ASSIGNMENT: Transcribe the data that follows without changing a word, and omit the pictures.

Annotated photo localization data:
+++
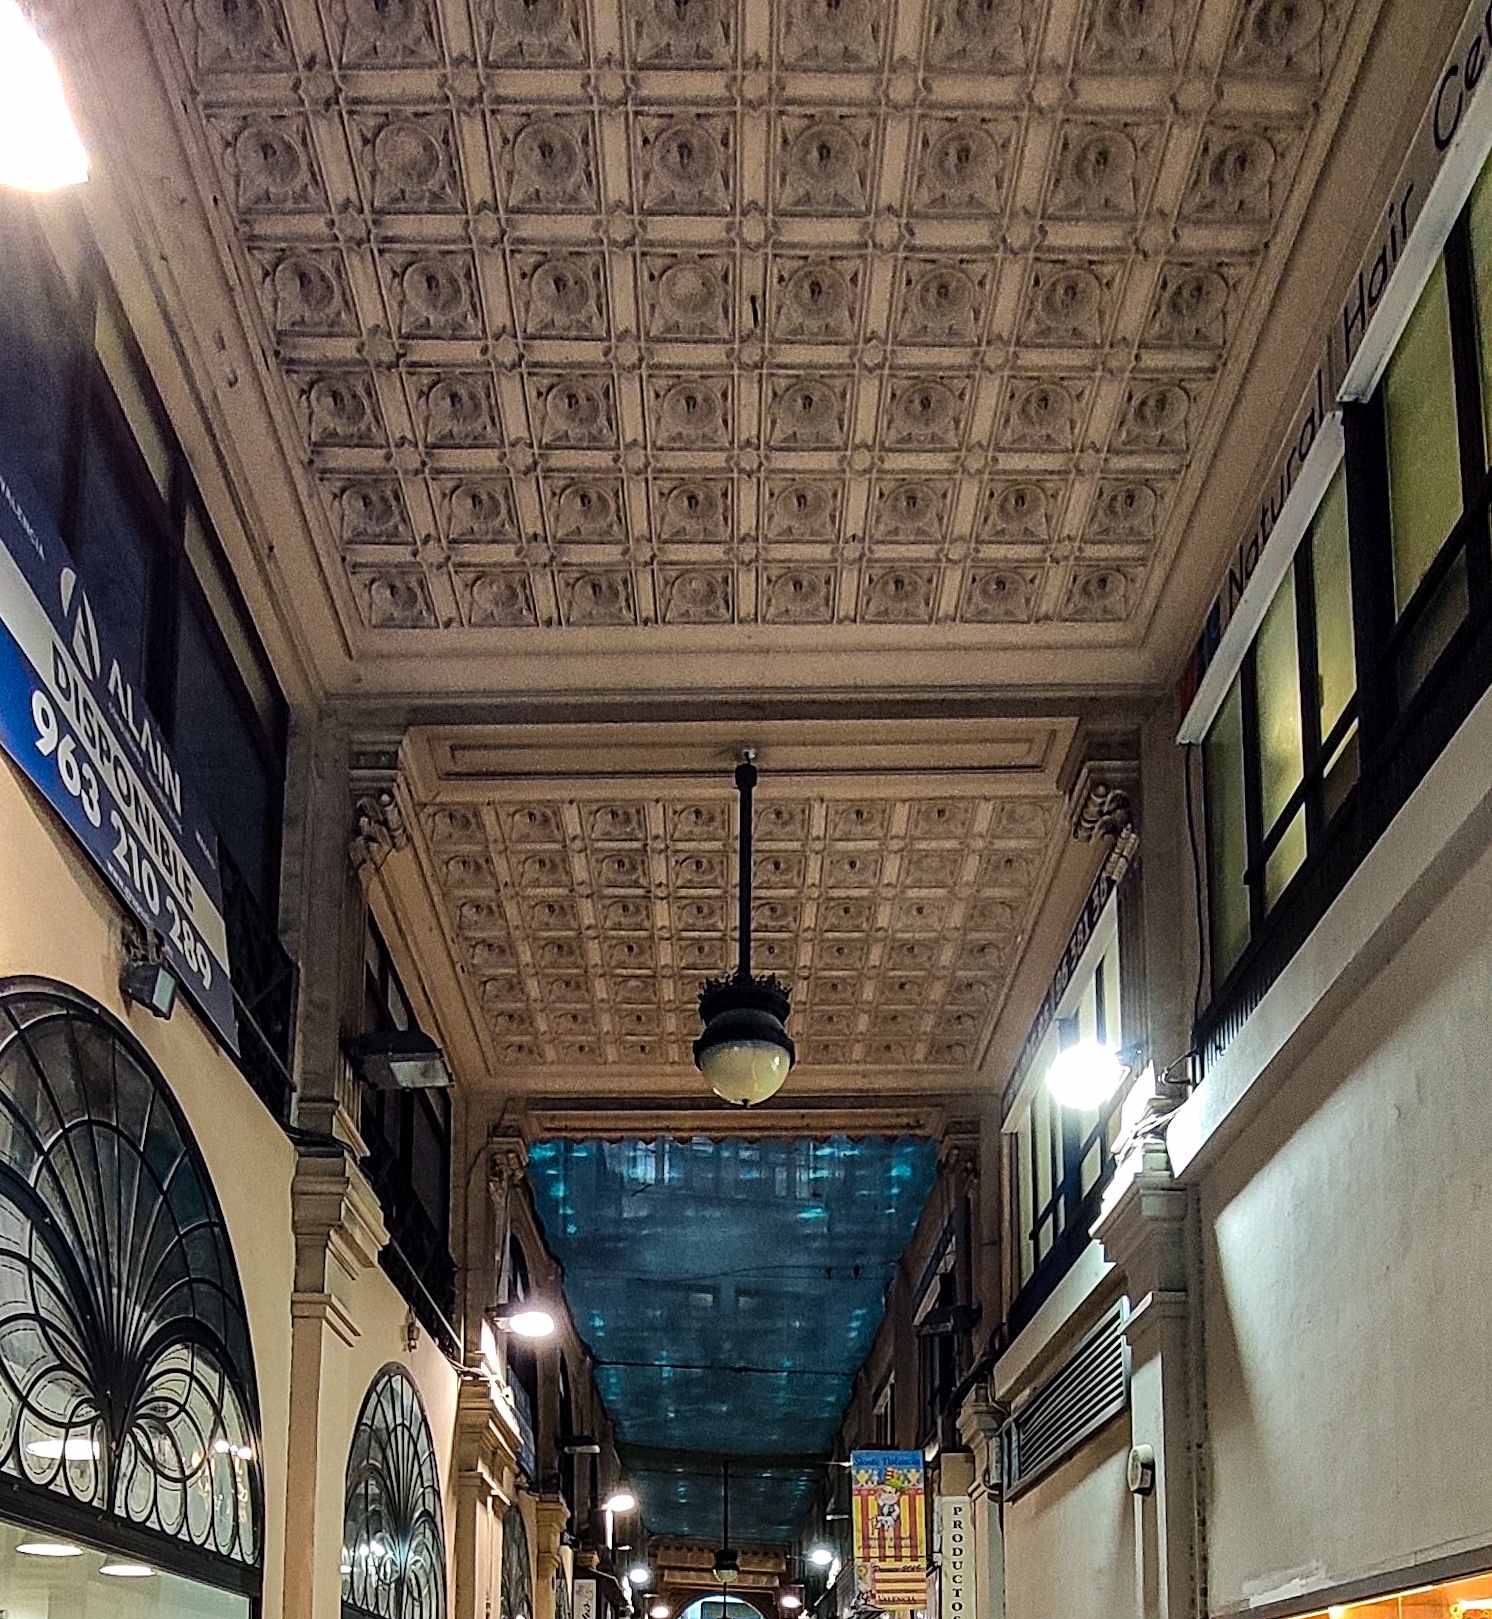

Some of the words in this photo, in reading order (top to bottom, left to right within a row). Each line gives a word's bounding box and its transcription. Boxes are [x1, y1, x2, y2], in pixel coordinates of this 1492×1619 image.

[1228, 367, 1324, 619] Natural
[1343, 182, 1415, 365] Hair
[31, 689, 102, 829] 963
[110, 809, 160, 917] 210
[165, 895, 213, 991] 289
[51, 638, 194, 914] DISPONIBLE
[107, 657, 182, 818] ALAIN
+++
SOLUTION TO THE EXERCISE:
Some of the words in this photo, in reading order (top to bottom, left to right within a row). Each line gives a word's bounding box and its transcription. Boxes are [x1, y1, x2, y2], in pixel coordinates of this 1492×1619 image.

[1228, 367, 1324, 619] Natural
[1343, 182, 1415, 365] Hair
[31, 689, 102, 829] 963
[110, 809, 160, 917] 210
[165, 895, 213, 991] 289
[51, 638, 194, 914] DISPONIBLE
[107, 657, 182, 818] ALAIN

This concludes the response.